WORK ITEM: The output should be limited to the line holding "this 1728×1536 image." and the lines after it through the end of the entries, each restated exactly.

INFORMATION SUPPLIED:
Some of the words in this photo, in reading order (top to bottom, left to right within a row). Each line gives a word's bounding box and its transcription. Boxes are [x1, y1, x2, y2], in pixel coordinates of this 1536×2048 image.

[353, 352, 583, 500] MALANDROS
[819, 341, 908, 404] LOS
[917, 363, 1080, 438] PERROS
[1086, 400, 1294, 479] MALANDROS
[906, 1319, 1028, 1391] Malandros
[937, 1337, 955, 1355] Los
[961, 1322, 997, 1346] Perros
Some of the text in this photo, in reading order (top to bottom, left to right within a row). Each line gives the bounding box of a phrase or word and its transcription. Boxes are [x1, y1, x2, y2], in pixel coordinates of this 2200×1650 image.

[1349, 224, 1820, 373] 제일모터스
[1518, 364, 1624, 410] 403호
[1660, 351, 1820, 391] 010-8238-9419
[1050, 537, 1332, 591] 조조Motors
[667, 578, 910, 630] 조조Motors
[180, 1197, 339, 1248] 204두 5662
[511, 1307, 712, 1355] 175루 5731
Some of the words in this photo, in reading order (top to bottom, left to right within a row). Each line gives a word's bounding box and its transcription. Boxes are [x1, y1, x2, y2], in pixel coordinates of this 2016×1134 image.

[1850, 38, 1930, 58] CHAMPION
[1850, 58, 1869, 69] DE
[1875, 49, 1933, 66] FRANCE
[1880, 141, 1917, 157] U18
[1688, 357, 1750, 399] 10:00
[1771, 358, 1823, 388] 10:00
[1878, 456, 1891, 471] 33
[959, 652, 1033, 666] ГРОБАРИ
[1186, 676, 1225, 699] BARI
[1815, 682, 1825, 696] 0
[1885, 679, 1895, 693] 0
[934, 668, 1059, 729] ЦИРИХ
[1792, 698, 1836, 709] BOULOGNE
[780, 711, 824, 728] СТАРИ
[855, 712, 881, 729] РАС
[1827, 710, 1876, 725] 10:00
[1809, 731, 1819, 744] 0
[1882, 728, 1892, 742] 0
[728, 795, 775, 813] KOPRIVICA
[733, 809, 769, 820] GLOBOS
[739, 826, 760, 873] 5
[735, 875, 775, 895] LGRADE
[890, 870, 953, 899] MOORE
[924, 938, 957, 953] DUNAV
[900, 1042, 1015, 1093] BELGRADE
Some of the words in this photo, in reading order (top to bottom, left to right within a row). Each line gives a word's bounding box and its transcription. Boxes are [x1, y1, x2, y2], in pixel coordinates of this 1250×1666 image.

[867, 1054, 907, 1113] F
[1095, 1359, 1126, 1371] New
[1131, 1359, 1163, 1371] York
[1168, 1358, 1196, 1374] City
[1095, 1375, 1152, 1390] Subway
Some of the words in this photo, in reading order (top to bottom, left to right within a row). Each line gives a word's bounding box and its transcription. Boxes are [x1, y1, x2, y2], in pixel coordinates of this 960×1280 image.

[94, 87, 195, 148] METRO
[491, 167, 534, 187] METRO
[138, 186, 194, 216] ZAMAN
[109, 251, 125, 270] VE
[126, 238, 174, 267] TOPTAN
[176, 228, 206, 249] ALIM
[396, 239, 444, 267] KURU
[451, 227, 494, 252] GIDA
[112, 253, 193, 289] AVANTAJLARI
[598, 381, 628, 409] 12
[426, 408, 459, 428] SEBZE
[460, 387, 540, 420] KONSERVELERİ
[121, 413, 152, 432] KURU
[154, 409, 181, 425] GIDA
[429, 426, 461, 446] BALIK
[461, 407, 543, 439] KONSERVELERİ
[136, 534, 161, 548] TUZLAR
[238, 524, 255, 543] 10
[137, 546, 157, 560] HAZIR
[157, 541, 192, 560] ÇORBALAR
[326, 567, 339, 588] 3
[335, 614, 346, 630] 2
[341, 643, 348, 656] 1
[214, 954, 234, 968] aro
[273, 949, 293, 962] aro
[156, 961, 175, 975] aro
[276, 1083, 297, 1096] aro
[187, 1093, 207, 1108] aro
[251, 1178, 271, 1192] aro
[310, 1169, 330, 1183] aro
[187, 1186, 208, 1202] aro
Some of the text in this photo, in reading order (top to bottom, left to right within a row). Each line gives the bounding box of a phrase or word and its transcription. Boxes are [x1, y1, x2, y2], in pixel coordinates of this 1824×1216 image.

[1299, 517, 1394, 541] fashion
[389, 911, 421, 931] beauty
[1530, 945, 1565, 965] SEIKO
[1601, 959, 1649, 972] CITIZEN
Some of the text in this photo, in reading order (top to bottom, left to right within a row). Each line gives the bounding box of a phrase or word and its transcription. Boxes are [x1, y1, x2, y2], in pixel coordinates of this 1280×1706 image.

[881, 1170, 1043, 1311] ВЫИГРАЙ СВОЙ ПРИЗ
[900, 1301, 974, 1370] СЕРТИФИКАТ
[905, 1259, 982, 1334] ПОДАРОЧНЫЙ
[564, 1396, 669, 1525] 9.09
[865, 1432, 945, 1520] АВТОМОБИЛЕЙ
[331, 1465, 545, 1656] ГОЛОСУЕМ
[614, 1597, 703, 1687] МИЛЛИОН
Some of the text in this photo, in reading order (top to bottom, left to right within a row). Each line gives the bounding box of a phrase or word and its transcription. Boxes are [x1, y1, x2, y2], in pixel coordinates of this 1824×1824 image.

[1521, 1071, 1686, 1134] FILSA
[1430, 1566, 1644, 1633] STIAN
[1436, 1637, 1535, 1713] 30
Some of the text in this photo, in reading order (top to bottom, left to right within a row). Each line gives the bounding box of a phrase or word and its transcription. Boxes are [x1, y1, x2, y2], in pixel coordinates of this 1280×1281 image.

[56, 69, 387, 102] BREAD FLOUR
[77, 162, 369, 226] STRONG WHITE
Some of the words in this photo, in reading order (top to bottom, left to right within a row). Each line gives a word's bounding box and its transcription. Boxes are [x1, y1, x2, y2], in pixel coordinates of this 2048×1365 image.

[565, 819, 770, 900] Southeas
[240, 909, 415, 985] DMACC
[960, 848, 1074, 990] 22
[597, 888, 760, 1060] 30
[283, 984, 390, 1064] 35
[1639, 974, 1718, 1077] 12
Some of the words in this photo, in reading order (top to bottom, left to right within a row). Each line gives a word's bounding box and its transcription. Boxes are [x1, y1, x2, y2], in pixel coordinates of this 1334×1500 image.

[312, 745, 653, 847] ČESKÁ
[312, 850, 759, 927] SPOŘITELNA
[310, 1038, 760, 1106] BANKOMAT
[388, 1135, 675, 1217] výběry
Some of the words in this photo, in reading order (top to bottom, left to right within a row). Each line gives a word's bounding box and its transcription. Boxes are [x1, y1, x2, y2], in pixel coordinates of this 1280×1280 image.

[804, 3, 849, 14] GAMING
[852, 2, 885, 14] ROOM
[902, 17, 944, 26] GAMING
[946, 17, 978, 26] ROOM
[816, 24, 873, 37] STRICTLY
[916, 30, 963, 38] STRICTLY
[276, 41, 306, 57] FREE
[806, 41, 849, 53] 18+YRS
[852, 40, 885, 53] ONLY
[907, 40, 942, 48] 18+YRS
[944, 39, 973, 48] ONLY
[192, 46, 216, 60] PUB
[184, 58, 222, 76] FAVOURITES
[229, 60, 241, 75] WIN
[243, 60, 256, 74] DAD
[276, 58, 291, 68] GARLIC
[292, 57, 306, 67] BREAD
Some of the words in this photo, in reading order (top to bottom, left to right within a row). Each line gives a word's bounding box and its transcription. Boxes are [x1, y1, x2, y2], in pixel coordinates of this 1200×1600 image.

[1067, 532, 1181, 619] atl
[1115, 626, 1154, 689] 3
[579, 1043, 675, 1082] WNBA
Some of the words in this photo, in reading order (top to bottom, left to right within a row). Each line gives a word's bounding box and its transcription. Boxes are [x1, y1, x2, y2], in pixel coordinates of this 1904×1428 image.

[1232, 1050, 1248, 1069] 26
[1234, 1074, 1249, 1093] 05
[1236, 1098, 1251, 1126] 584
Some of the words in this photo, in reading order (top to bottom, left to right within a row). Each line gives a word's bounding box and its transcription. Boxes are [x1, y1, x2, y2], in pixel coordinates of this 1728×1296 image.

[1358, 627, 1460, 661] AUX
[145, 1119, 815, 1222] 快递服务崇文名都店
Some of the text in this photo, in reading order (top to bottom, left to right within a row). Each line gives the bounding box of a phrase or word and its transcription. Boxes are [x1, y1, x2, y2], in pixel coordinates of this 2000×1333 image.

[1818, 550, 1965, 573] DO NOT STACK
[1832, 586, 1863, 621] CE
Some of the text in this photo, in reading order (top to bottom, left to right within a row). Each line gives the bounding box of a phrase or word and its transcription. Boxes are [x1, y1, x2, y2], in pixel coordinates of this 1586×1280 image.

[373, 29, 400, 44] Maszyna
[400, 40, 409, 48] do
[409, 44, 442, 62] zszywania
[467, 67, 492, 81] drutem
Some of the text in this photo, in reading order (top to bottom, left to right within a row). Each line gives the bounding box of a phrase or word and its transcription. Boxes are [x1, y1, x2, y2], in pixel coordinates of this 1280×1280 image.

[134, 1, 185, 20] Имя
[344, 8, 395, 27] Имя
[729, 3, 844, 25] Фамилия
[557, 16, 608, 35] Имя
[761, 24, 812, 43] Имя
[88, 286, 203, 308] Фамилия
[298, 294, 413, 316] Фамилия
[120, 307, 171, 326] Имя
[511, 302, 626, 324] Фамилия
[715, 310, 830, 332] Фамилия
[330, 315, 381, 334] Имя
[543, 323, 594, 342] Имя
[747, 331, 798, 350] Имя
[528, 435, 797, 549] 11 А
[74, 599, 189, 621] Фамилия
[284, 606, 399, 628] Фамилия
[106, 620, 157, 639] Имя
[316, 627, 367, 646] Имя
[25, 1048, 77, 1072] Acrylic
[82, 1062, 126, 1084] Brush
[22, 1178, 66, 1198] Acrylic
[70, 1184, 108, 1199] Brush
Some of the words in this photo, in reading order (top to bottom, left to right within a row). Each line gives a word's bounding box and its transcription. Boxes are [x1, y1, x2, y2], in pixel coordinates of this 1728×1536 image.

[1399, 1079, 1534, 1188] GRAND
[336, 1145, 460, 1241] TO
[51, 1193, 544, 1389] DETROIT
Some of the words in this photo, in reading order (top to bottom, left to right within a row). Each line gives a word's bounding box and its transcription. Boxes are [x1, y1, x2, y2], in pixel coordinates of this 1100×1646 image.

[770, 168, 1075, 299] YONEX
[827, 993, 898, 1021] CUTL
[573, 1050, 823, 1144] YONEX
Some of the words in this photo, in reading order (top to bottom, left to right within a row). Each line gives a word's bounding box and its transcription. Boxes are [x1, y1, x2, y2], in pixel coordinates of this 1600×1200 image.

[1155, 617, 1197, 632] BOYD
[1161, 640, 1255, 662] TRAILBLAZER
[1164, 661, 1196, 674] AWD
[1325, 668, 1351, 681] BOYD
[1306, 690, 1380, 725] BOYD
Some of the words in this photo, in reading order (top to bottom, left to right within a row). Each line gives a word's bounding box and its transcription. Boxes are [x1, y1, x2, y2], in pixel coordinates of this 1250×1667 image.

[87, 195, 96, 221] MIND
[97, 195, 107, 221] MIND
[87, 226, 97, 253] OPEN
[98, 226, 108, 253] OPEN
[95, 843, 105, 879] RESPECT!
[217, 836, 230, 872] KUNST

EXERCISE OUTPUT:
Some of the words in this photo, in reading order (top to bottom, left to right within a row). Each line gives a word's bounding box and its transcription. Boxes are [x1, y1, x2, y2], in pixel coordinates of this 1728×1536 image.

[1399, 1079, 1534, 1188] GRAND
[336, 1145, 460, 1241] TO
[51, 1193, 544, 1389] DETROIT
Some of the words in this photo, in reading order (top to bottom, left to right within a row). Each line gives a word's bounding box and its transcription. Boxes are [x1, y1, x2, y2], in pixel coordinates of this 1100×1646 image.

[770, 168, 1075, 299] YONEX
[827, 993, 898, 1021] CUTL
[573, 1050, 823, 1144] YONEX
Some of the words in this photo, in reading order (top to bottom, left to right within a row). Each line gives a word's bounding box and its transcription. Boxes are [x1, y1, x2, y2], in pixel coordinates of this 1600×1200 image.

[1155, 617, 1197, 632] BOYD
[1161, 640, 1255, 662] TRAILBLAZER
[1164, 661, 1196, 674] AWD
[1325, 668, 1351, 681] BOYD
[1306, 690, 1380, 725] BOYD
Some of the words in this photo, in reading order (top to bottom, left to right within a row). Each line gives a word's bounding box and its transcription. Boxes are [x1, y1, x2, y2], in pixel coordinates of this 1250×1667 image.

[87, 195, 96, 221] MIND
[97, 195, 107, 221] MIND
[87, 226, 97, 253] OPEN
[98, 226, 108, 253] OPEN
[95, 843, 105, 879] RESPECT!
[217, 836, 230, 872] KUNST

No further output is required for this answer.